This is an open ended question in that the desired end result is not well posed. Still, it may be of some interest.
Suppose you have a number of teams which play against each other in two team competitions (all pairings occur with equal likehood, no ties allowed). Let $P(A,B)$ be the probability that A triumphs in a match between A and B. Clearly, if you know all the $P(A,B)$ you can compute the team average $P(A)$, the probability that A will win against an unknown opponent. You can't go the other way, though. To see this, look at 3 teams $A,B,C$ and suppose $P(A) = P(B) = P(C) = \frac{1}{2}$. One way we might have gotten this outcome is if $P(X,Y) = \frac{1}{2}$ for any pair of teams X,Y. In some vague sense, I suppose this is the "most natural" guess. But it is not the only possibility.
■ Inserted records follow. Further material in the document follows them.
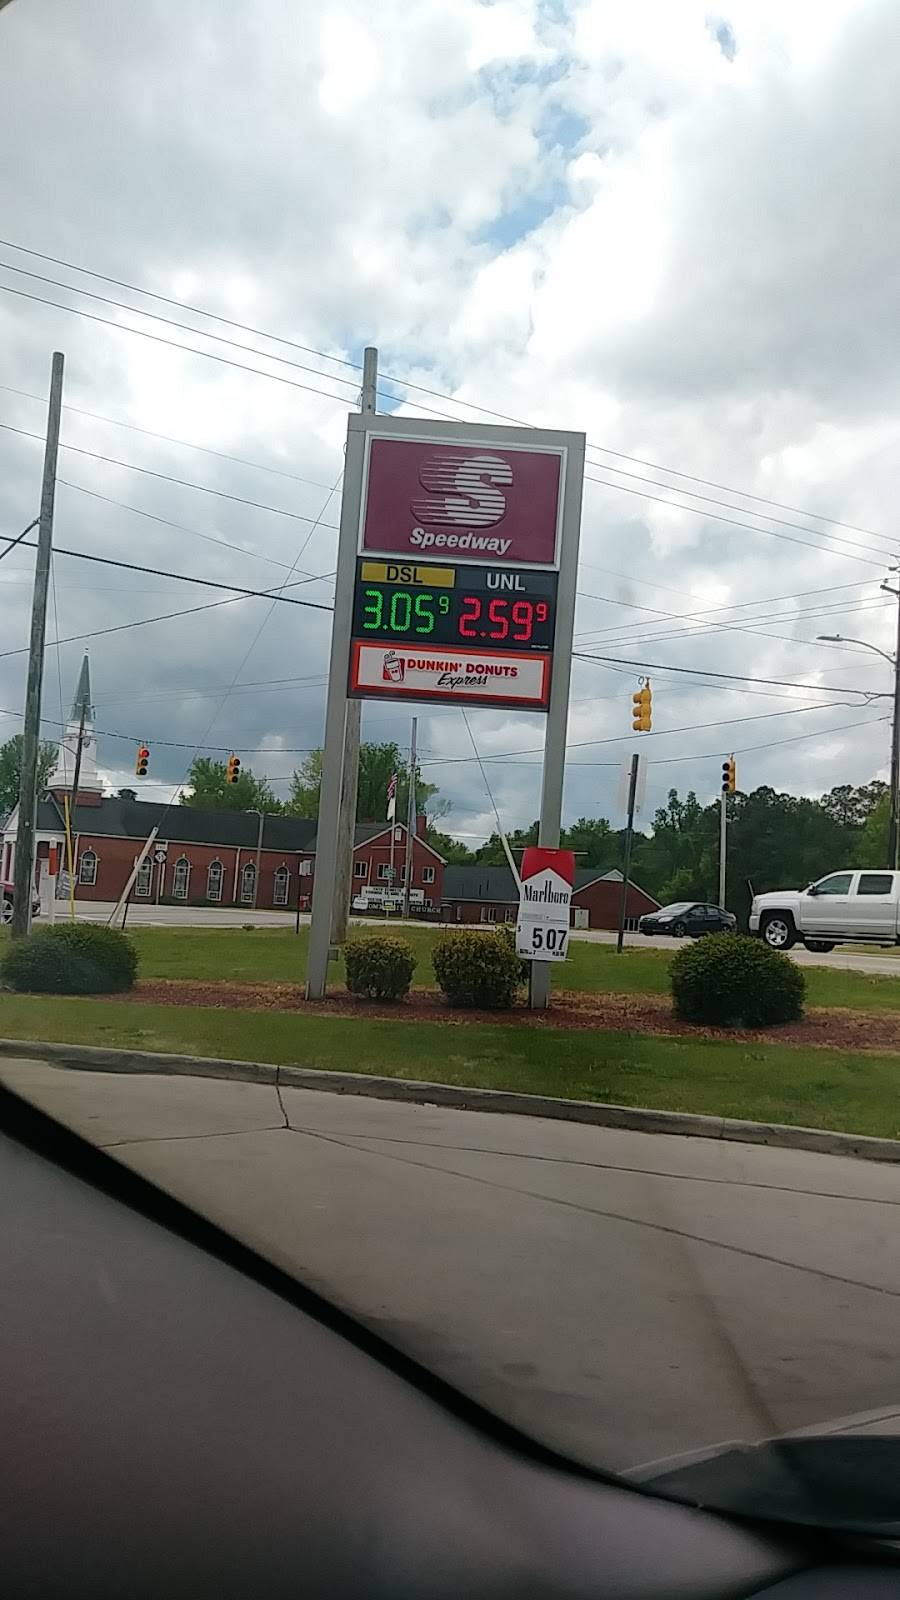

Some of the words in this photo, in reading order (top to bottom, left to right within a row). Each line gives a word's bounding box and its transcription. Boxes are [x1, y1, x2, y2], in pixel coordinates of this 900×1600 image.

[409, 527, 513, 556] Speedway
[386, 565, 424, 584] DSL
[486, 573, 526, 592] UNL
[407, 658, 462, 674] DUNKIN'
[466, 663, 518, 677] DONUTS
[437, 673, 488, 689] Express
[523, 880, 569, 905] Marlboro
[410, 905, 441, 914] CHURCH
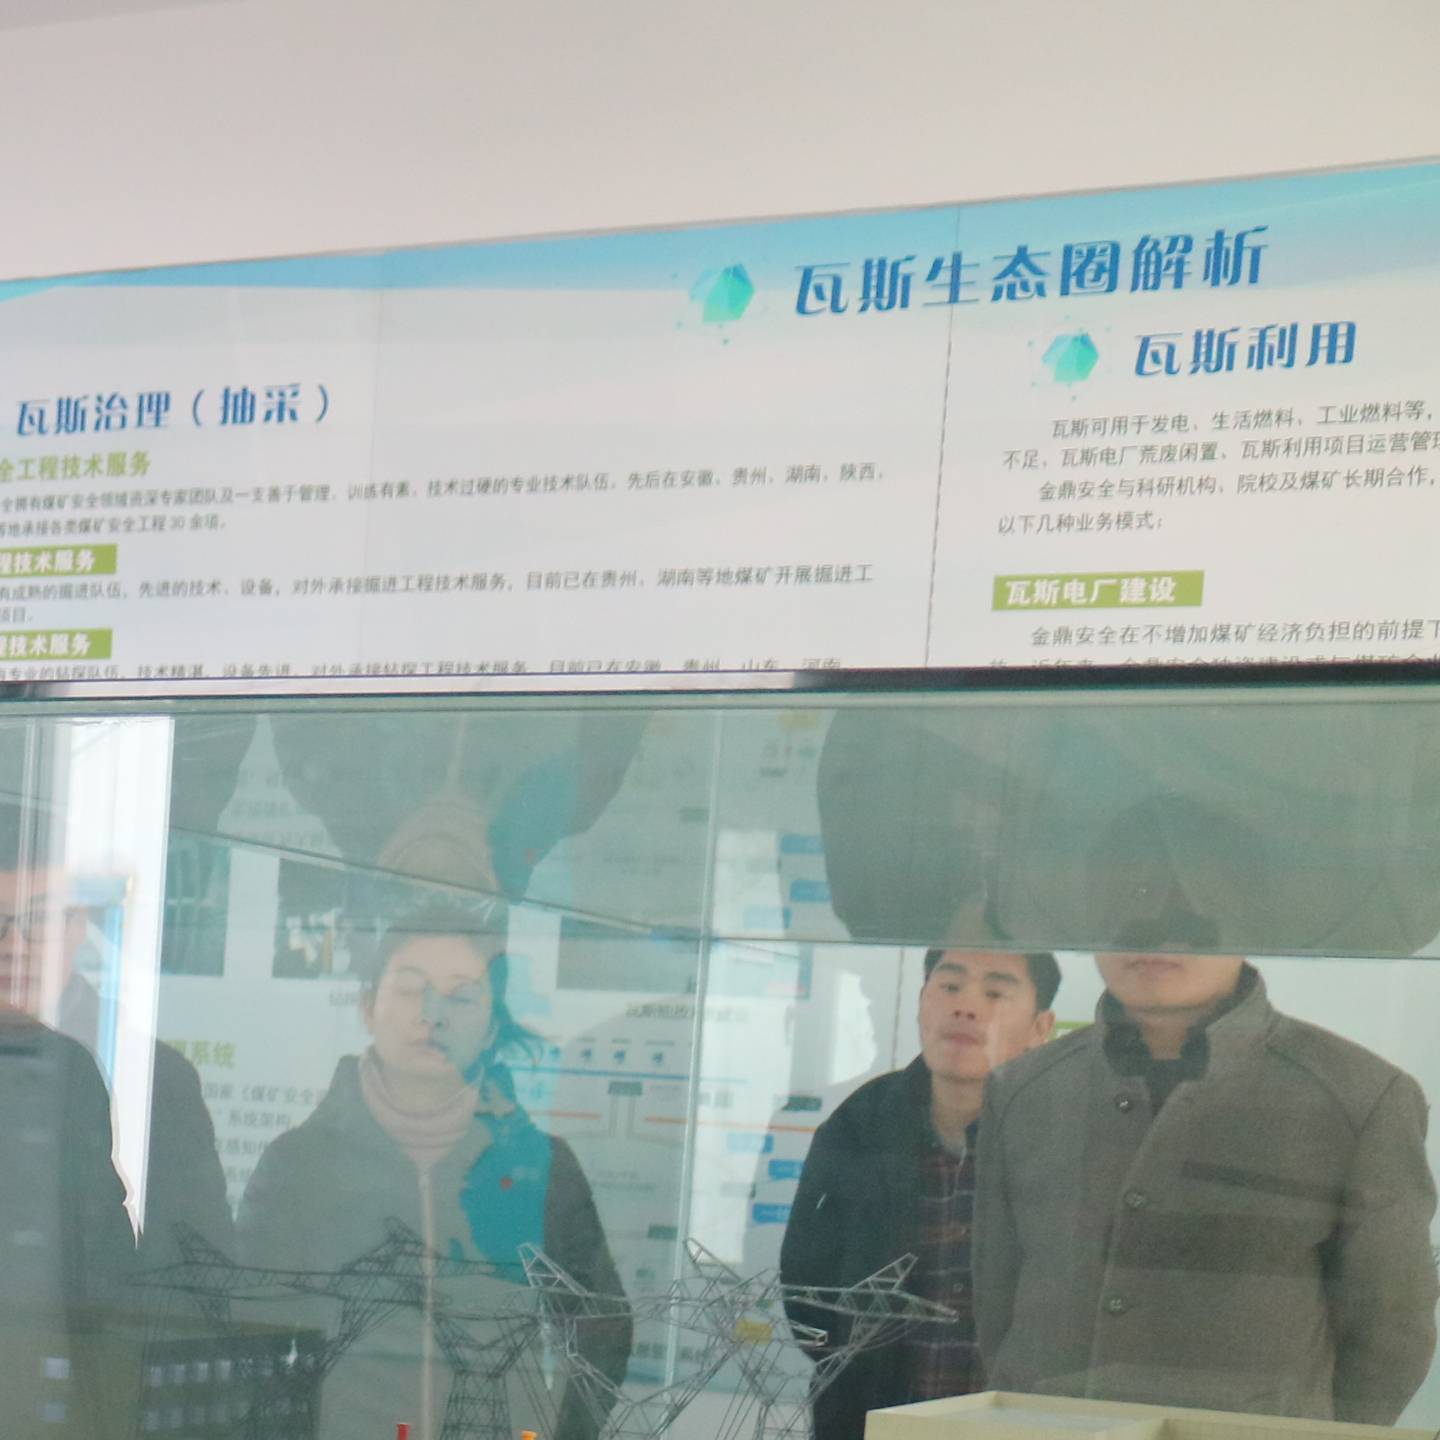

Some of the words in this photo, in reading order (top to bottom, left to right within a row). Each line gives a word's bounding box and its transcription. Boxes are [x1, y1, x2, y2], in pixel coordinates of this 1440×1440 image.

[793, 225, 1270, 317] 瓦斯生态圈解析
[1133, 320, 1359, 378] 瓦斯利用
[16, 382, 329, 437] 瓦斯治理（抽采）
[1006, 576, 1178, 606] 瓦斯电厂建设
We might, for instance, be in "Rock, Paper, Scissors" world, where A always beats B, B always beats C, and C always beats A.
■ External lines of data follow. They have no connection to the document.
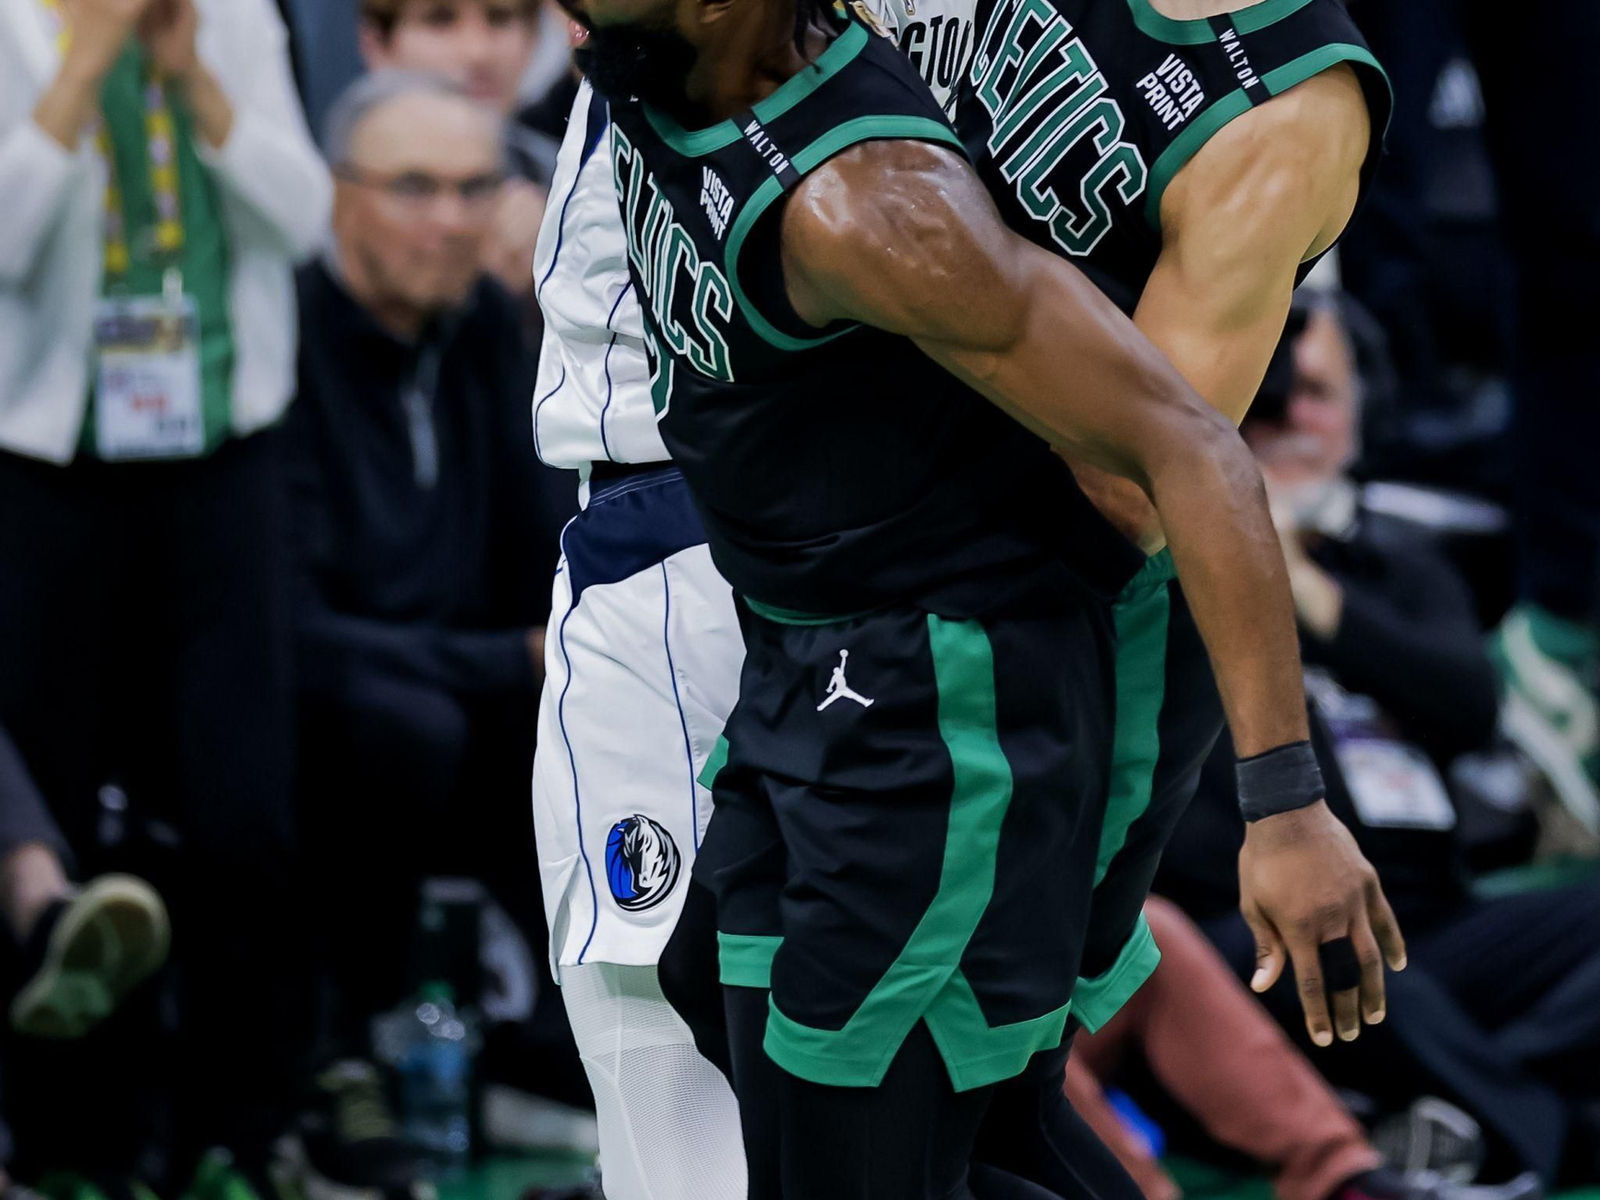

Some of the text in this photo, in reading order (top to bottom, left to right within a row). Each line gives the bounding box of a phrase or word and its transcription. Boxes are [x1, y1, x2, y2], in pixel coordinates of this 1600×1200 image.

[1155, 53, 1205, 118] VISTA
[1219, 28, 1260, 89] WALTON
[1135, 72, 1185, 131] PRINT
[744, 119, 789, 174] WALTON
[702, 165, 734, 225] VISTA
The Question: Given all the P(A), is there a reasonably natural way to produce a list of probabilities P(A, *)?
Of course the probabilities must be consistent (so that the list of P(A,B)'s does imply the given list of team averages).
Sample attempt: attach a "greatness factor" $\lambda_i$ to each team and then define $$P(A_i,A_j) = .5 + \lambda_i - \lambda_j$$ You can even make the $\lambda$'s sum to 1. This is easily computable and gives plausible results so long as all the team averages are reasonably near .5. In more extreme cases, though, you get unphysical results (probabilities greater than 1 and so on). For baseball statistics, where this problem first arose, this crude method works fairly well.
Absent any actual ideas, my impulse is to minimize variance. That is: "choose the solution which is as nearly constant as possible." That is obviously one way to go, but perhaps someone has a better idea?